Chinese medical doctor (1873–1954)

Mary Stone (May 1, 1873 – December 30, 1954), also known as Shi Meiyu (石美玉), was a doctor of medicine graduated from the University of Michigan. She founded Danforth Memorial Hospital in Kiukiang (now called the Women and Children's Hospital of Jiujiang).

==Life==
Born to a Chinese Christian family in Kiukiang (now called Jiujiang) on May 1, 1873, Stone's father was a Methodist pastor and mother was the principal of a Methodist school for girls. She attended Rulison-Fish Memorial School (now called Jiujiang Tongwen Middle School), established by American missionary Gertrude Howe, in Jiujiang for ten years. Inspired by the American medical missionary Dr.

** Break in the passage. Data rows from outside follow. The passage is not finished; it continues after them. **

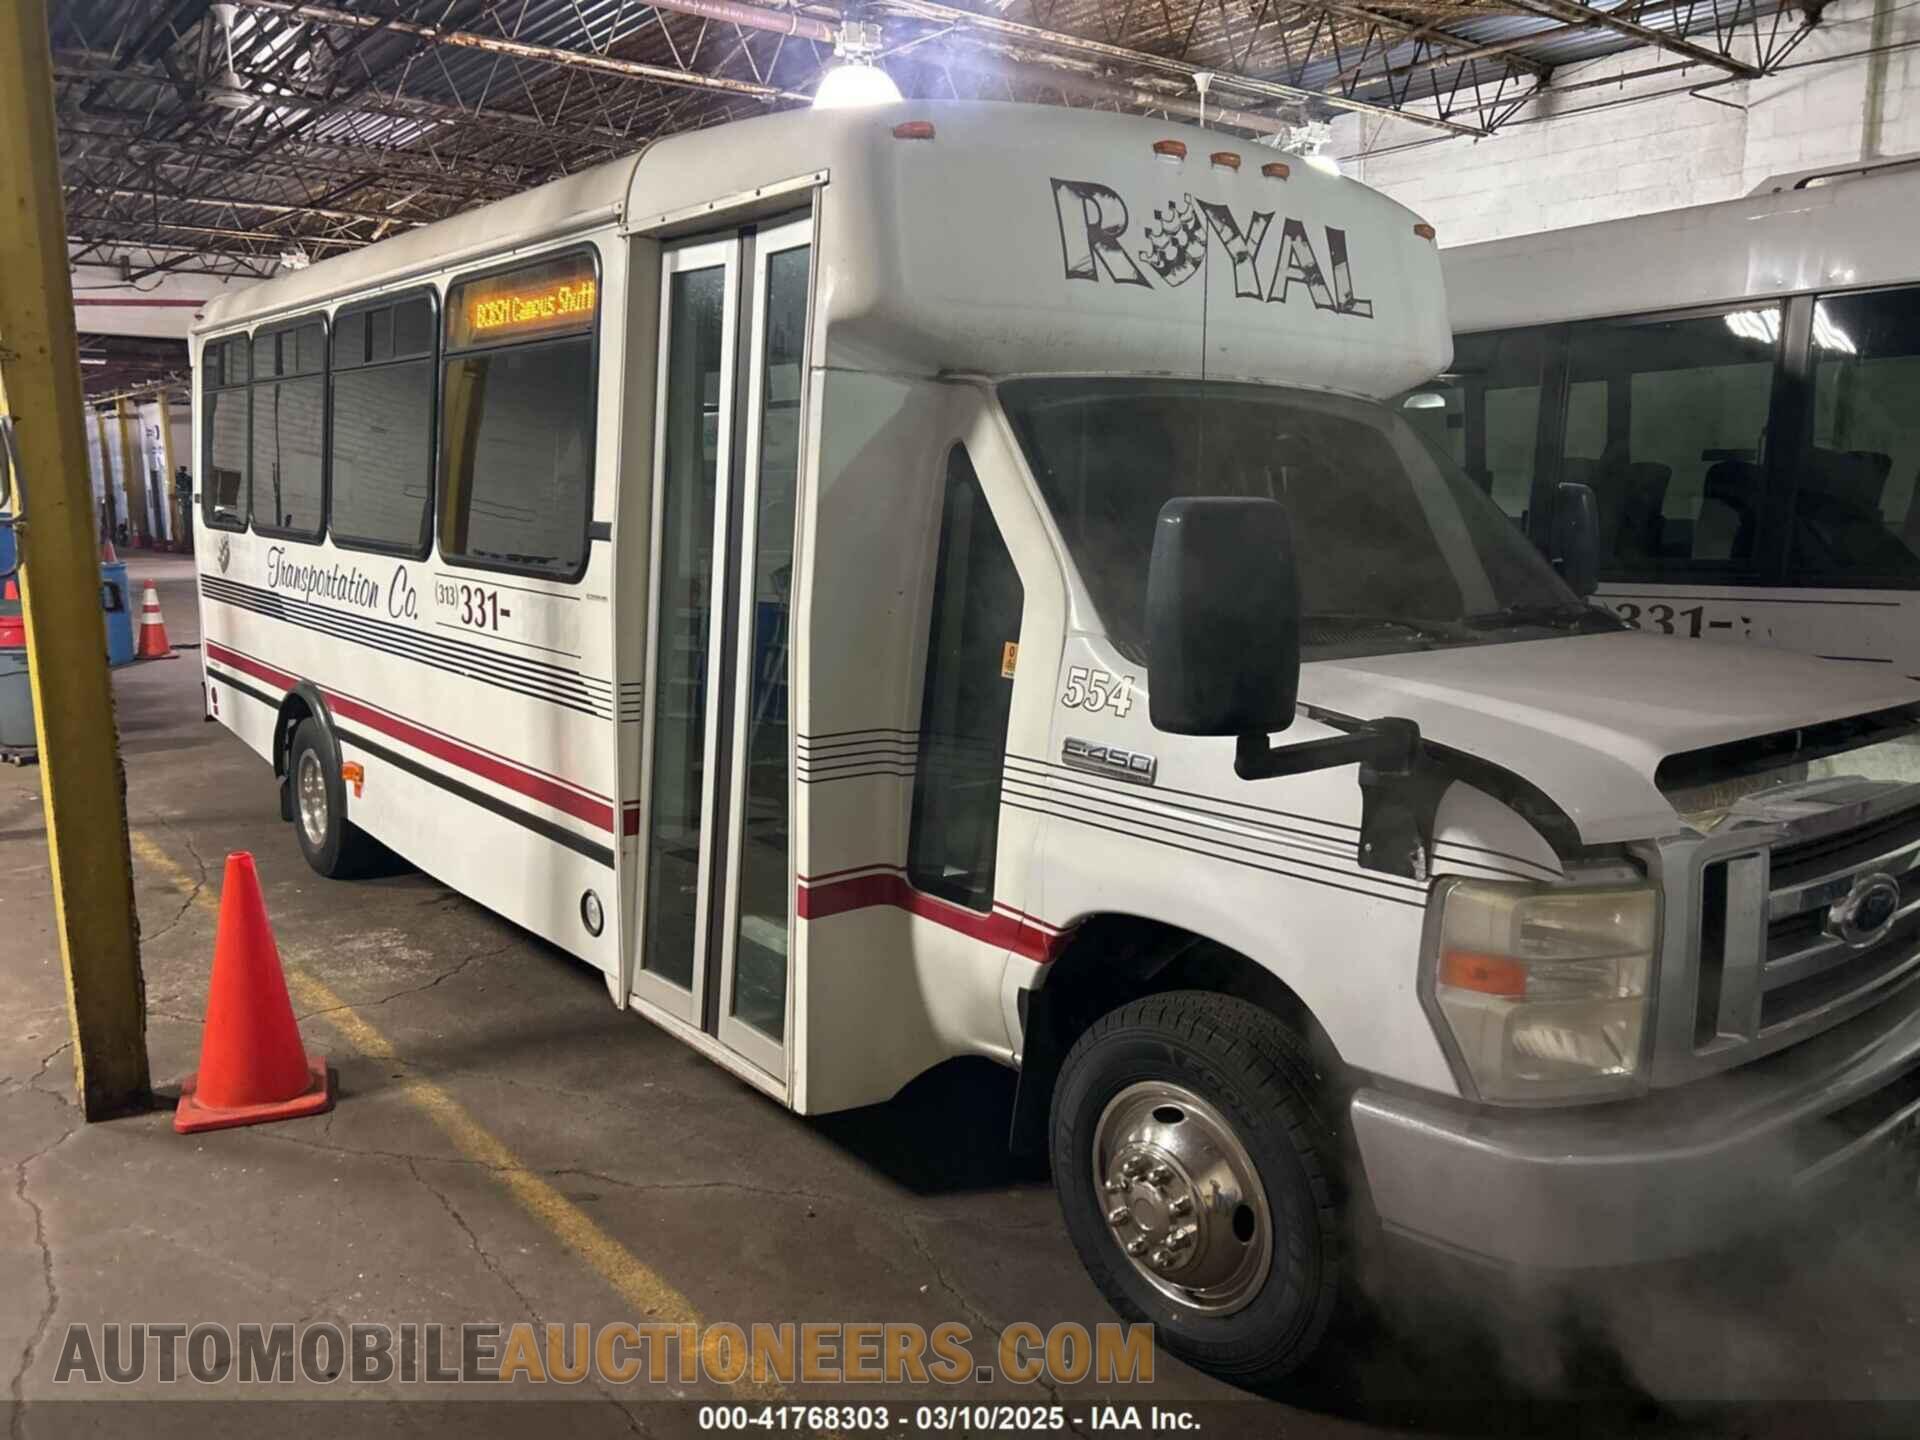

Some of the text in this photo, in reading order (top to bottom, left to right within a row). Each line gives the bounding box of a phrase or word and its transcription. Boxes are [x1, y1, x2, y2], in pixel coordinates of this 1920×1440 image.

[1050, 177, 1374, 319] ROYAL
[512, 296, 557, 321] Campus
[267, 546, 419, 620] Transportation Co.
[434, 580, 512, 631] (313) 331-
[1061, 665, 1136, 719] 554

Kate Bushnell, her father hoped to train her as a medical doctor.

In 1892, she was brought to Ann Arbor, Michigan by Gertrude Howe, together with Ida Kahn (Kang Cheng), for professional training in the west, where she and Kahn became "not only the first Asians to earn degrees at the University of Michigan, but they were also among the first Chinese women ever to become Western-trained physicians" in 1896.

In the Fall of 1896, she and Ida Kahn returned to Kiukiang as medical missionaries of the Women's Foreign Missionary Society of the Methodist Episcopal Church. Two years later, with donations from Dr. I. N. Danforth of Chicago, they established Elizabeth Skelton Danforth Hospital in Jiujiang, named after Dr. Danforth's wife, which later became the Jiujiang Women and Children's Hospital.

Between 1918 and 1919, she received the Rockefeller Foundation scholarship to do postgraduate work at Johns Hopkins University, where her sister, Phebe Stone, was a medicine graduate. During her time in Hopkins, Phebe was in charge of the Elizabeth Skelton Danforth Hospital.

Stone was not only well known as a medical professional, but also for her Christian missionary work. Between 1920 and 1937, she was involved in starting multiple hospitals, schools and churches in China. In particular, she partnered with Phebe and the former American Methodist Episcopal missionary Jennie V. Hughes and established the Bethel Mission in Shanghai in 1920, which would later be the basis for Andrew Gih's Bethel Worldwide Evangelistic Band. She is also a member of the China Continuation Committee of the National Missionary Conference after the Edinburgh World Missionary Conference of 1910.

She returned to California after World War II, where she later died on December 30, 1954, in Pasadena at the age of 81.